Problem — Every entry below should be transcribed exactly; pictures stay out of the copy.
::::::::::
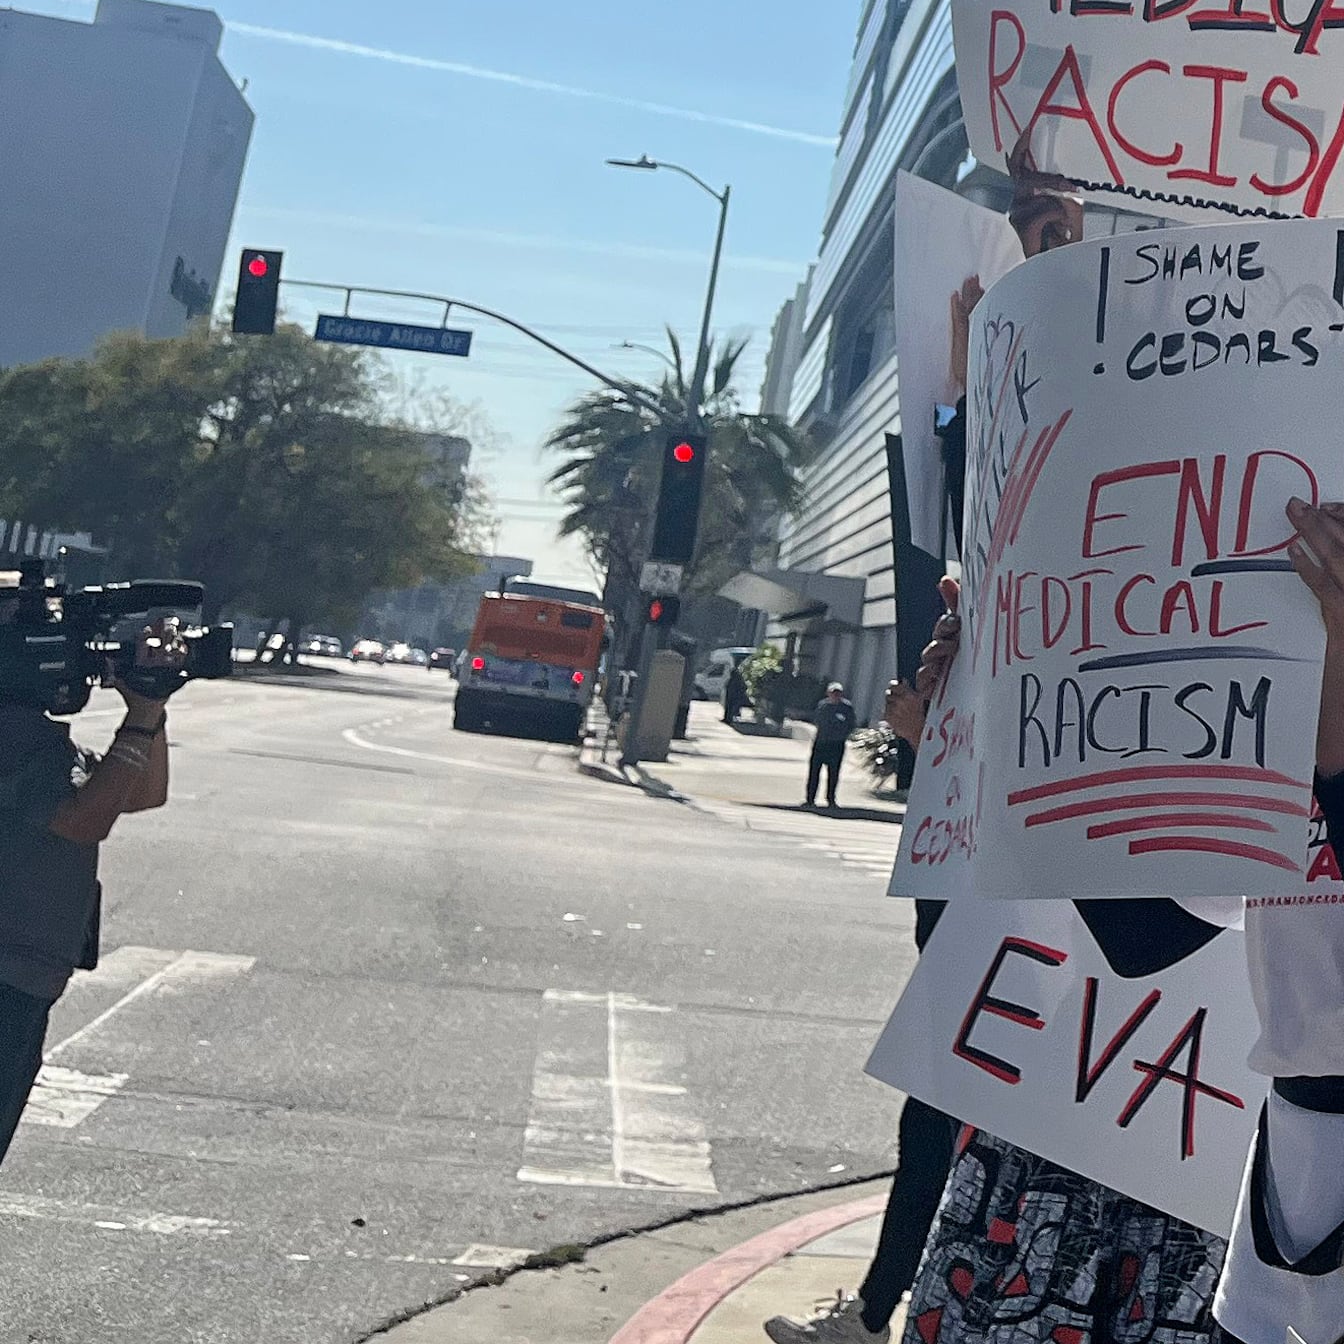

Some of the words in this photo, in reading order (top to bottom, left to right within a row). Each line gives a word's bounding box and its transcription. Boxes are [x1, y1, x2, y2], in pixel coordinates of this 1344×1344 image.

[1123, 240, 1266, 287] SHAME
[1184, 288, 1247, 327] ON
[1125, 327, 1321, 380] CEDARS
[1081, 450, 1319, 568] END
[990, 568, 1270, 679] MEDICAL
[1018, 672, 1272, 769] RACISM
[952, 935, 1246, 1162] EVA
::::::::::
Exercise result —
Some of the words in this photo, in reading order (top to bottom, left to right within a row). Each line gives a word's bounding box and its transcription. Boxes are [x1, y1, x2, y2], in pixel coordinates of this 1344×1344 image.

[1123, 240, 1266, 287] SHAME
[1184, 288, 1247, 327] ON
[1125, 327, 1321, 380] CEDARS
[1081, 450, 1319, 568] END
[990, 568, 1270, 679] MEDICAL
[1018, 672, 1272, 769] RACISM
[952, 935, 1246, 1162] EVA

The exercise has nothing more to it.